My job is to help you understand your child’s current developmental level and to help you navigate the Hows of gaining that next milestone skill.
Sometimes the goals therapists put on paper may not look much like the goal you had in mind. If so, ask us about it. Often, your child may need help on a foundational or precursor skill—a “stepping stone” to the goal you have in mind, but sometimes my priorities as a therapist might look different from your priorities as a parent. I’m not familiar with the culture of your family—the people and things that are most important to you. By sharing your personal goals for your child, we can work together as a team to meet your ultimate goals.
Maybe you’ve been doing the therapy thing for a few (or more) years now. You received the new plan of care and you glanced at the goals but you’re not really sure what “language milieu teaching” or “Aided Language Stimulation” is. Let’s chat about those things. If you’d ever like to review the goals we are working on or the strategies we have been practicing (and talk about which ones were successful and which ones tanked), let’s set up a time to meet. We can discuss it on the phone or by email, or you are welcome to sit in on your child’s session and we can talk about it then.
Three: Homework is important, but it should be doable.
I’ll admit, sometimes I send you home with a long list of activities to work on.

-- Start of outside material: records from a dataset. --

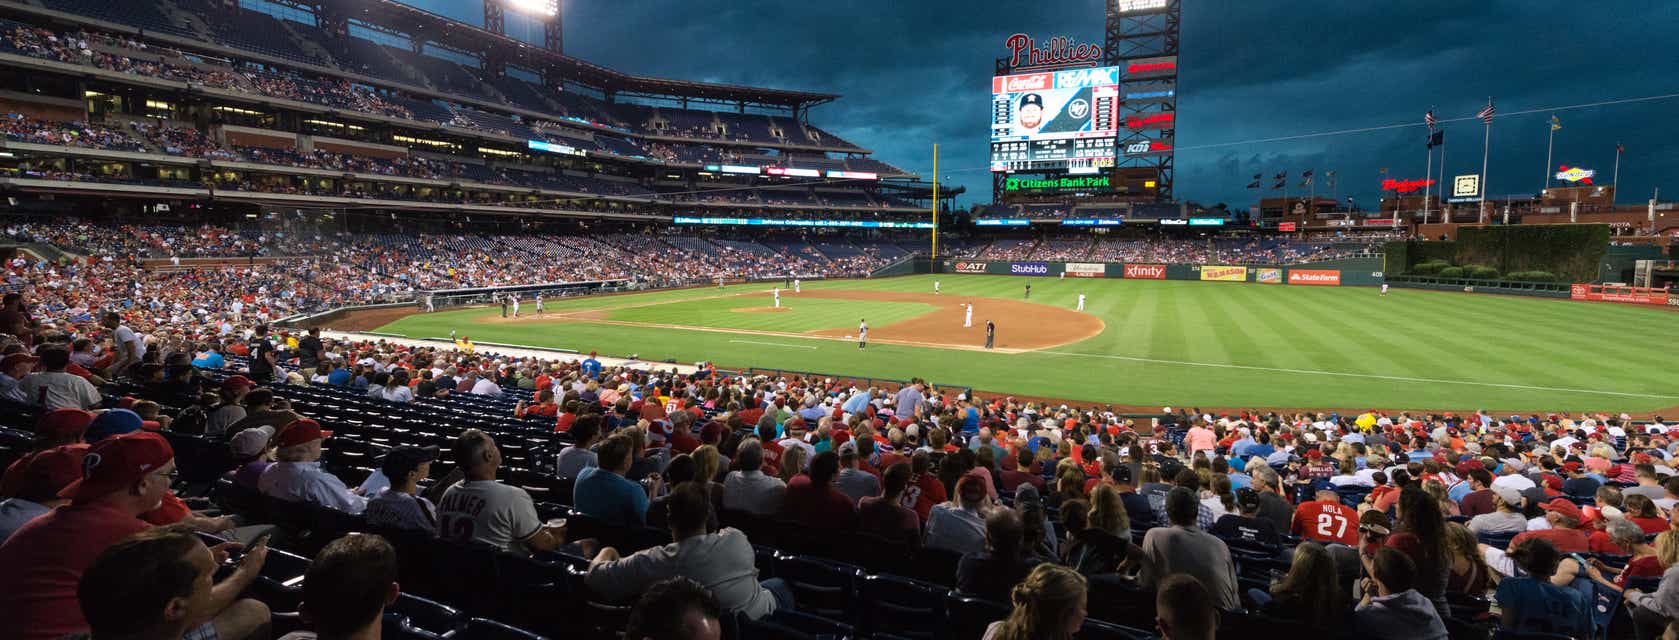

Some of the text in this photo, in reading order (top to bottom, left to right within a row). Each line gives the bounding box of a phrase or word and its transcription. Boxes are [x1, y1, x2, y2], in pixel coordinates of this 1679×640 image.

[1006, 33, 1102, 67] Phillies
[1020, 177, 1110, 188] Citizens Bank Park
[1011, 264, 1047, 273] StubHub
[1127, 265, 1163, 278] xfinity
[1322, 504, 1342, 515] NOLA
[1318, 513, 1347, 538] 27
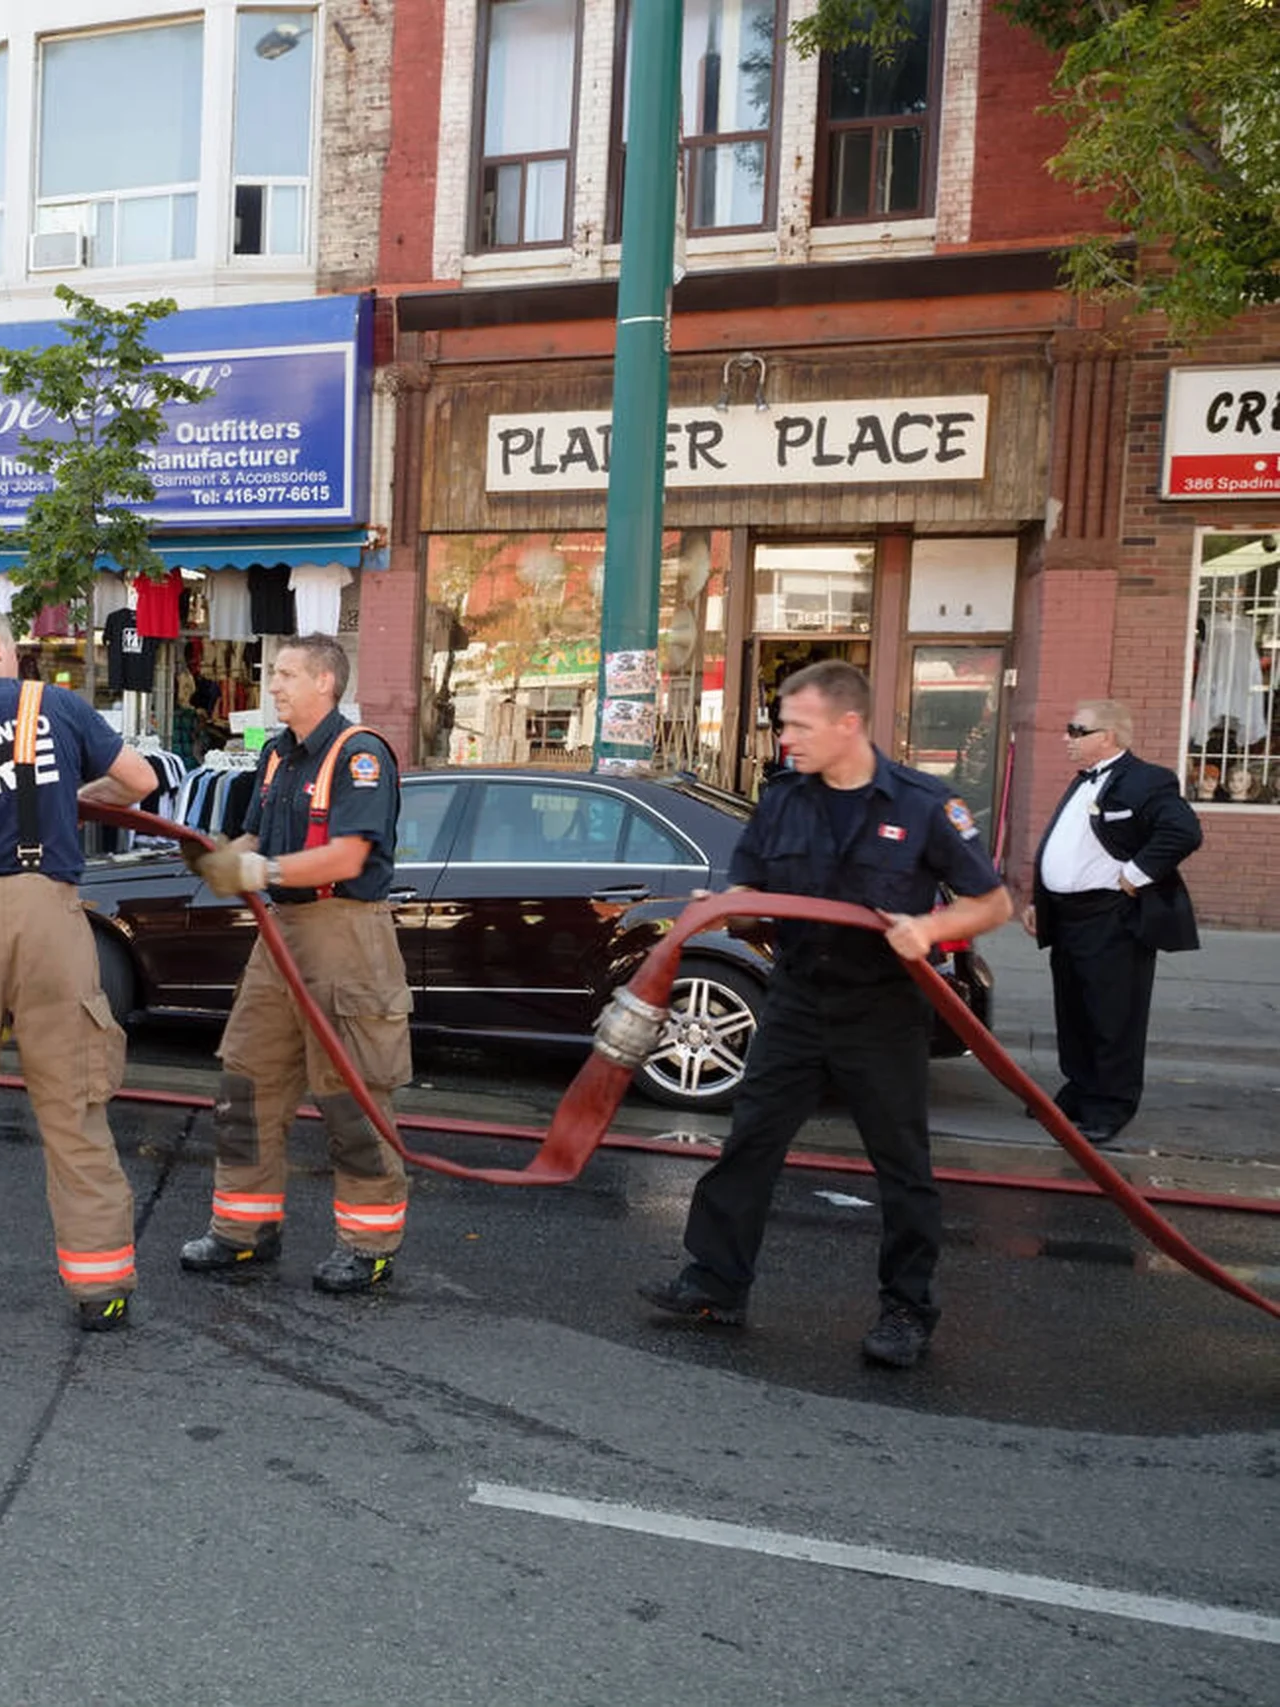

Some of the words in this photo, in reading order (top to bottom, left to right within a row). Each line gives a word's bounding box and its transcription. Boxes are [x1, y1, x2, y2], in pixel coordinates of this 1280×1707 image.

[1206, 391, 1280, 436] CR
[176, 421, 301, 443] Outfitters
[775, 411, 974, 467] PLACE
[138, 447, 300, 470] Manufacturer
[152, 472, 216, 487] Garment
[220, 471, 231, 485] &
[234, 469, 327, 485] Accessories
[1184, 478, 1214, 491] 386
[192, 490, 220, 504] Tel:
[224, 486, 330, 504] 416-977-6615

Sometimes you are able to carve out time to practice those things between cooking dinner, the chaos that is playtime after dinner, and then getting the kids ready for bed. But some days there’s no room in your schedule for another activity. I get it.
Why do I send those things home anyway?
We both know that life is busy and it seems there are never enough hours in the day—even during the slow days. But your child goes about his day talking, sitting up, walking around, untying, and then tying his shoes. While it is my job to help your child learn to do those things more independently, my time working with you and your child is a small blip on your weekly calendar – only an hour or so once or twice a week. Your child needs more practice at that skill they are struggling with than I can give them in our weekly session…so I send things home to practice.
But I honestly do want the things I send home to be fun and engaging – to be useful to you – to make your child feel just a little more independent and empowered. So before you leave the clinic, let’s talk about how to make those activities fun. Could you incorporate them into your family game night? What cues will help him? When do you know it’s okay to fade those activities, or to make the task more challenging?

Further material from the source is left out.